Only a small forward bias (positive V) is required to cause a diode to conduct a
significant current I, and the less this voltage, the better. Ideally, this voltage would be zero
volts. Also, ideally, a diode can conduct any value of current I in the forward direction, with this
value being determined not by the diode, but by other components in the circuit in which the
diode is connected. Also, ideally, a diode conducts zero amperes for a negative V, regardless of
the voltage magnitude.
Put another way, an ideal diode is a short circuit for a voltage V that tends to be positive
(but it cannot be more than 0 V). Also, an ideal diode is an open circuit for a negative V. Thus,
an ideal diode acts like a switch that is closed for current flow in the direction of the arrow in the
diode circuit symbol, and open otherwise. Essentially, it is an electronically operated switch.
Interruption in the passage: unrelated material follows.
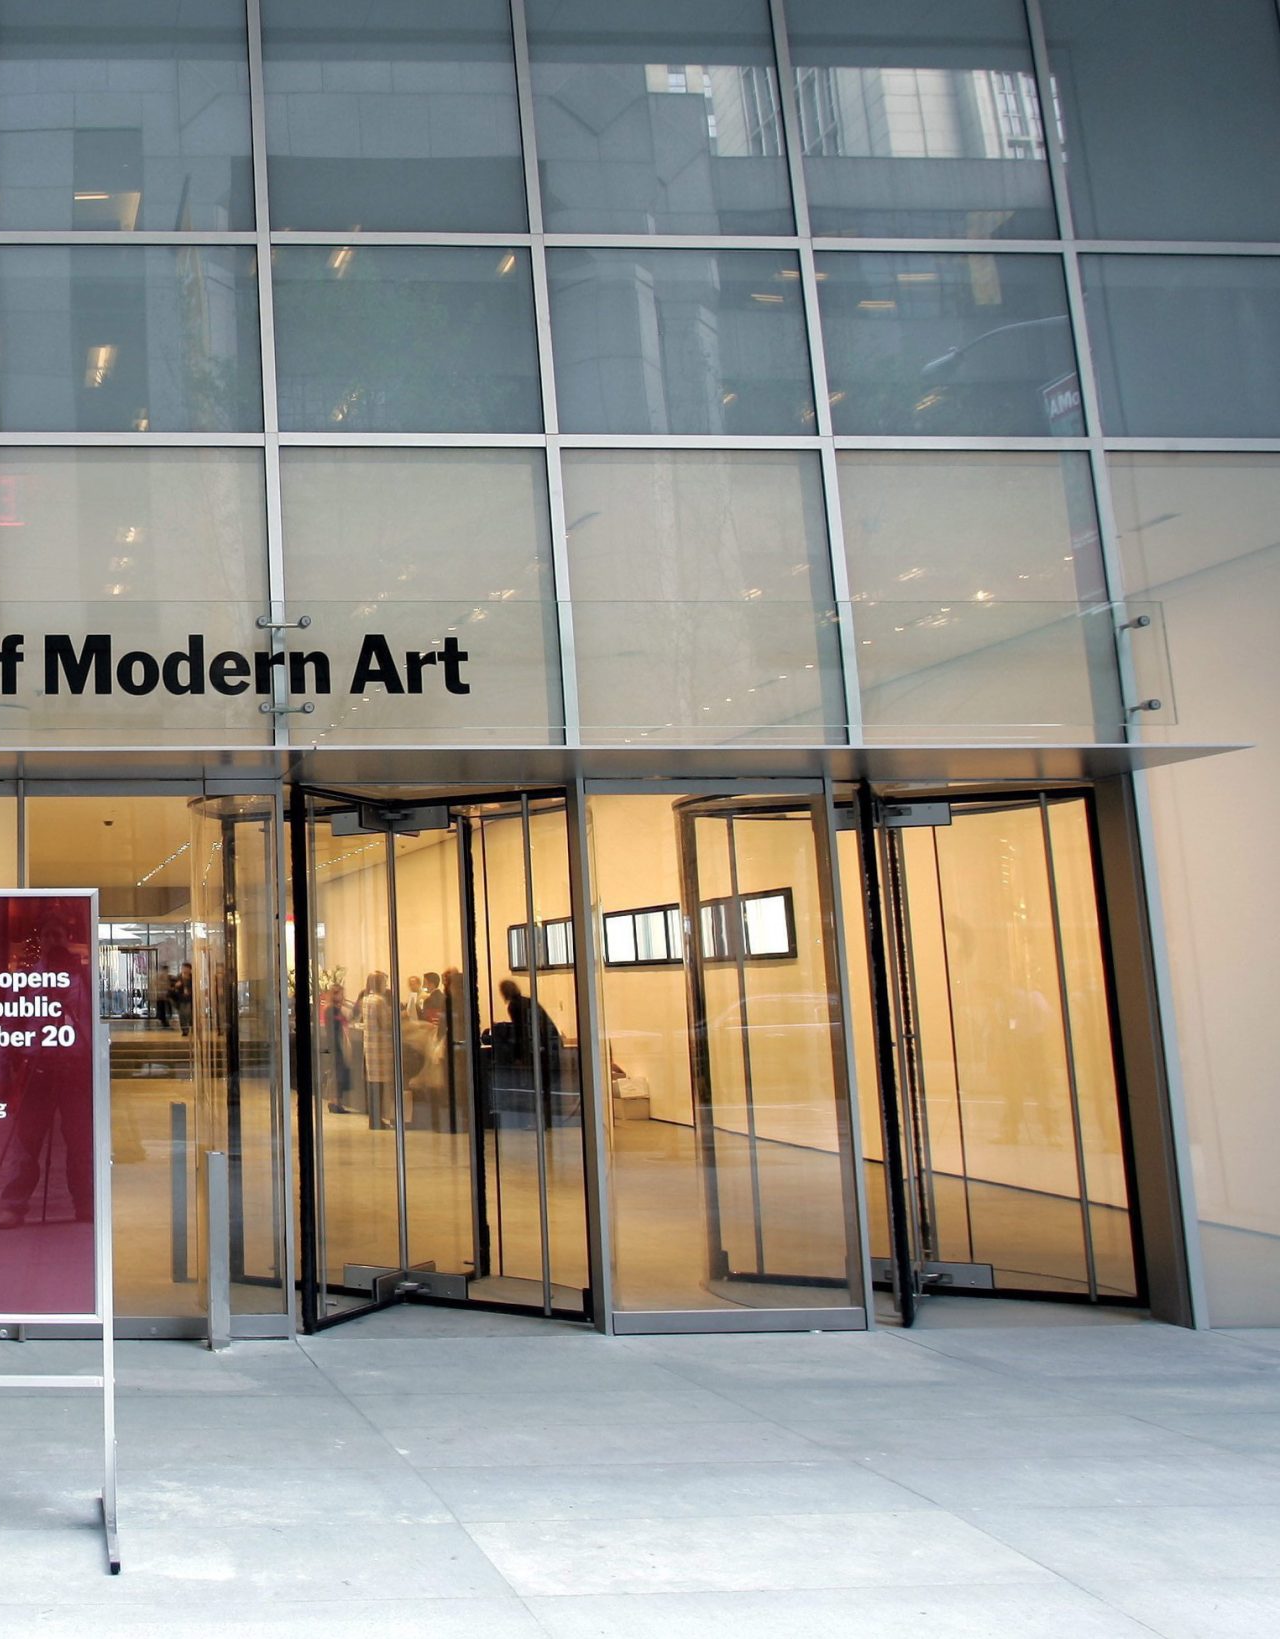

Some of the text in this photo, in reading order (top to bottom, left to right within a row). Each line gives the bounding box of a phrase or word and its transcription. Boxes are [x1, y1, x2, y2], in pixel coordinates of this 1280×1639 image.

This ideal approximation is satisfactory for analyzing many circuits that contain diodes, provided
that the voltage levels are much greater than 0.7 V. Fig. 8.2 shows the I-V characteristic for an
ideal diode.
Fig. 8.2
Fig. 8.3 shows the I-V characteristic of an actual, physical diode. The part of the curve in
the first quadrant is the forward characteristic, and the part in the third quadrant is the reverse
characteristic. The current Is is called the reverse saturation current. For a reverse voltage VB,
the diode “breaks down” and draws a large reverse current.
Fig. 8.3
The diode forward characteristic is shown on an expanded scale in Fig. 8.4. Observe the
“turn-on” voltage VT. For forward voltages less than VT, a diode conducts very little current.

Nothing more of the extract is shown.